━━ Source records

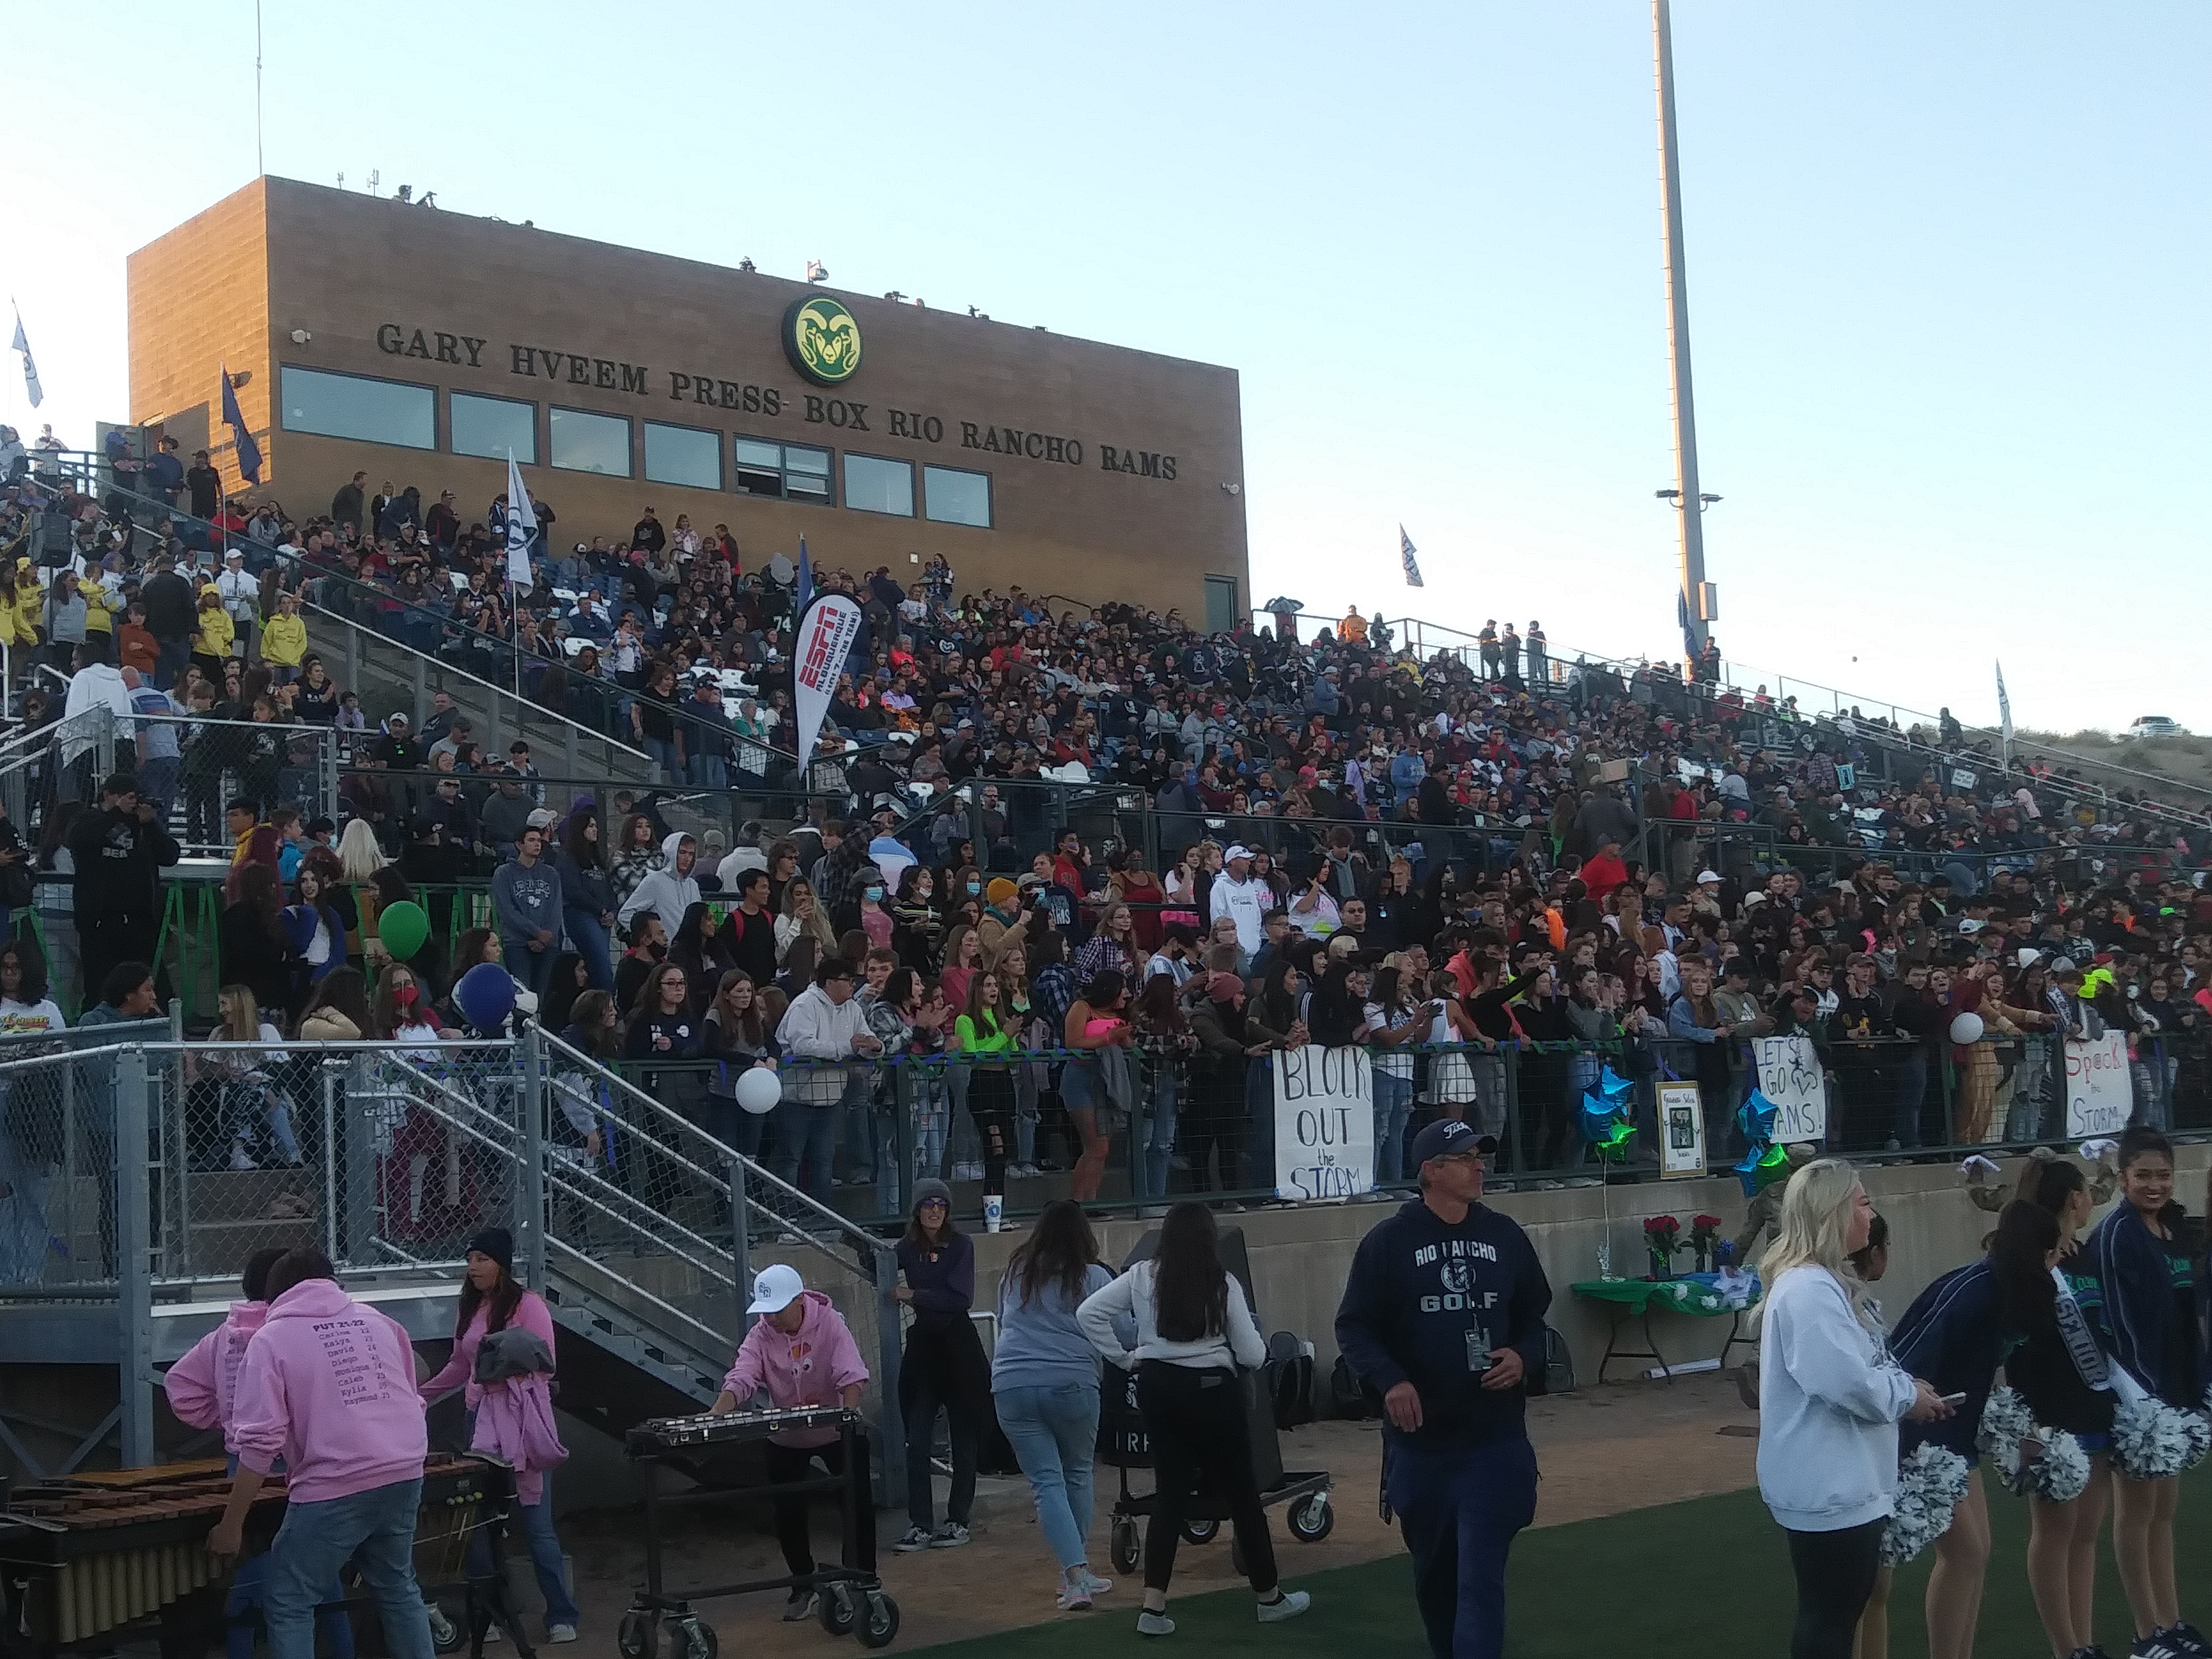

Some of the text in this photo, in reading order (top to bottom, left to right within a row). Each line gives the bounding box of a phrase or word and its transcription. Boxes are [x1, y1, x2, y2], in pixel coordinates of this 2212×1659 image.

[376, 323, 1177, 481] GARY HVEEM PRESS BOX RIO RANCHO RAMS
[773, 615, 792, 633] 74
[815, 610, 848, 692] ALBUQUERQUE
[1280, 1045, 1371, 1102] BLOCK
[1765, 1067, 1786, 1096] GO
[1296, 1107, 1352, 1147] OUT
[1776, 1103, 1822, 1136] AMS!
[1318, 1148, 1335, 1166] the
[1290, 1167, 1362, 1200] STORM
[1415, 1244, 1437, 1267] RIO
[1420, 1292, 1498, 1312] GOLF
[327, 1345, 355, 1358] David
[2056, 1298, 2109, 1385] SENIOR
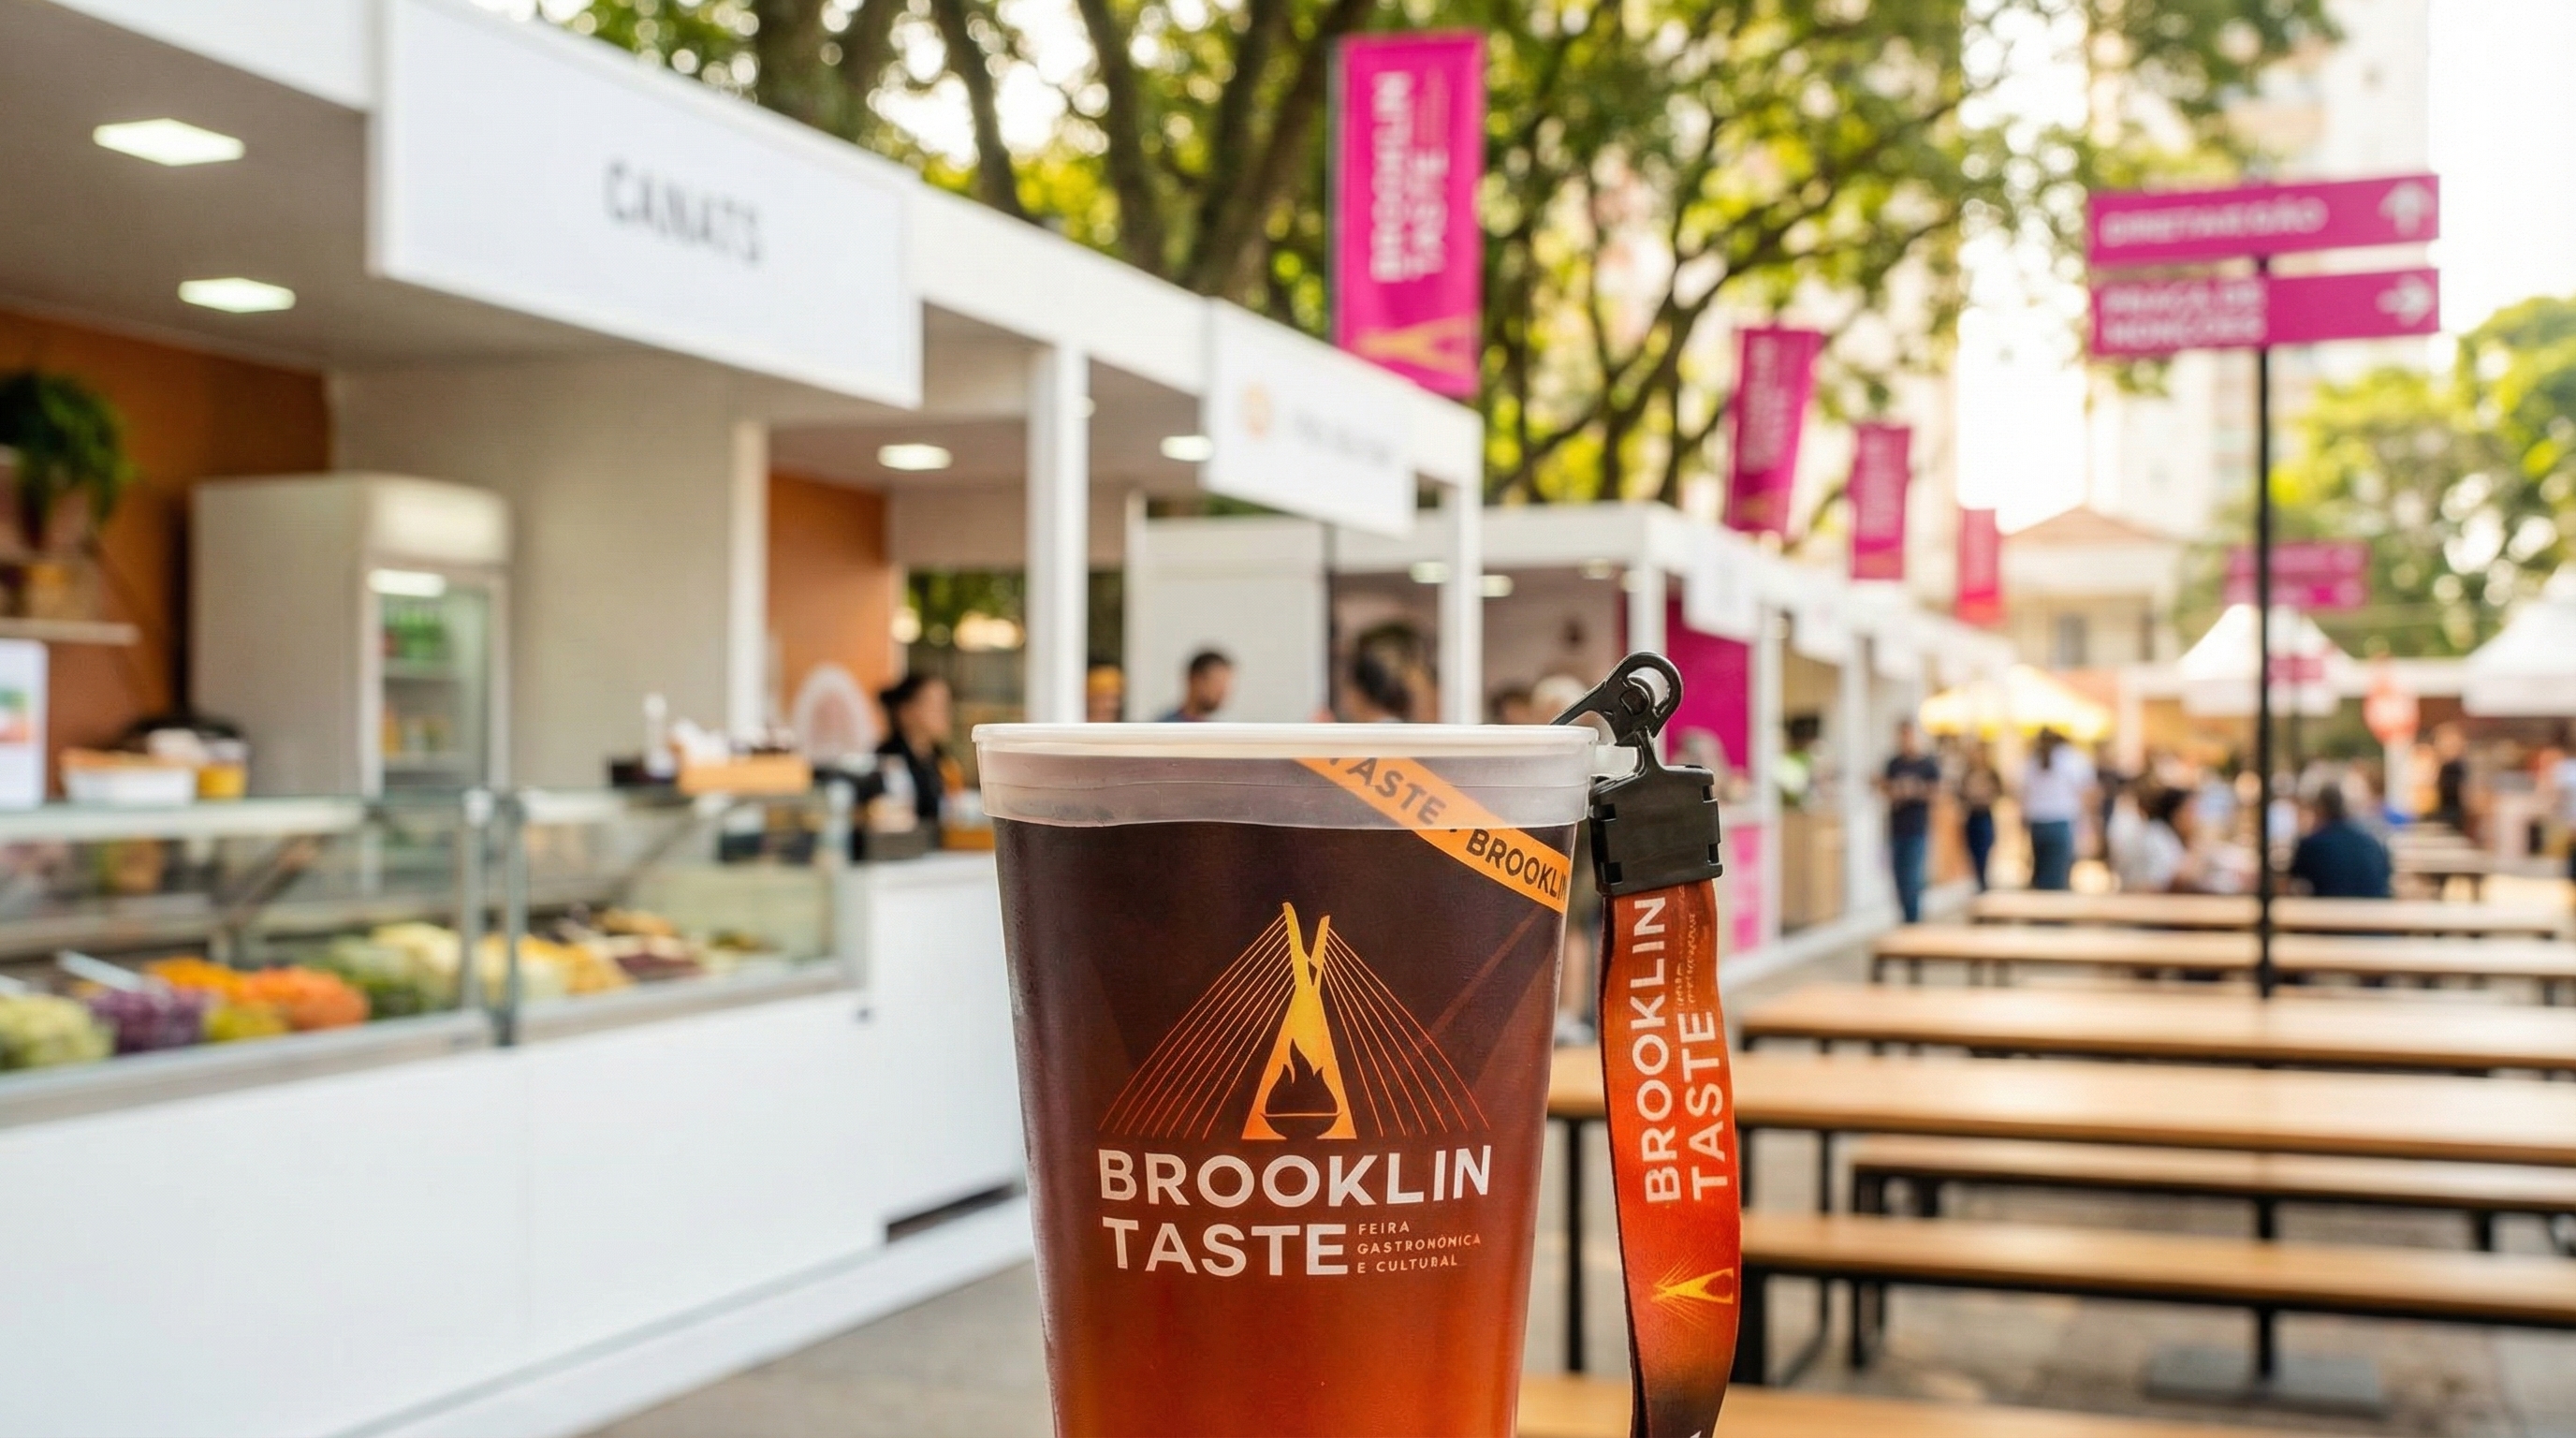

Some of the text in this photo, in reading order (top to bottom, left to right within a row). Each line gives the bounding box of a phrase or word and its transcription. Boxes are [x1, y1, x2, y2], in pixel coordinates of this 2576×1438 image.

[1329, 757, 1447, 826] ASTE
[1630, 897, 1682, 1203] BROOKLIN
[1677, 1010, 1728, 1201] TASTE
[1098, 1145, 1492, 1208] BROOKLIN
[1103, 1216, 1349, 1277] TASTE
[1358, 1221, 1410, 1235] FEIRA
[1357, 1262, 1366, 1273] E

━━━━

= Task description =
Every record above should be transcribed exactly; the pictures stay out of the copy.

= Solution to this exercise =
Some of the text in this photo, in reading order (top to bottom, left to right within a row). Each line gives the bounding box of a phrase or word and its transcription. Boxes are [x1, y1, x2, y2], in pixel coordinates of this 2212×1659 image.

[376, 323, 1177, 481] GARY HVEEM PRESS BOX RIO RANCHO RAMS
[773, 615, 792, 633] 74
[815, 610, 848, 692] ALBUQUERQUE
[1280, 1045, 1371, 1102] BLOCK
[1765, 1067, 1786, 1096] GO
[1296, 1107, 1352, 1147] OUT
[1776, 1103, 1822, 1136] AMS!
[1318, 1148, 1335, 1166] the
[1290, 1167, 1362, 1200] STORM
[1415, 1244, 1437, 1267] RIO
[1420, 1292, 1498, 1312] GOLF
[327, 1345, 355, 1358] David
[2056, 1298, 2109, 1385] SENIOR

Some of the text in this photo, in reading order (top to bottom, left to right within a row). Each line gives the bounding box of a phrase or word and its transcription. Boxes are [x1, y1, x2, y2], in pixel coordinates of this 2576×1438 image.

[1329, 757, 1447, 826] ASTE
[1630, 897, 1682, 1203] BROOKLIN
[1677, 1010, 1728, 1201] TASTE
[1098, 1145, 1492, 1208] BROOKLIN
[1103, 1216, 1349, 1277] TASTE
[1358, 1221, 1410, 1235] FEIRA
[1357, 1262, 1366, 1273] E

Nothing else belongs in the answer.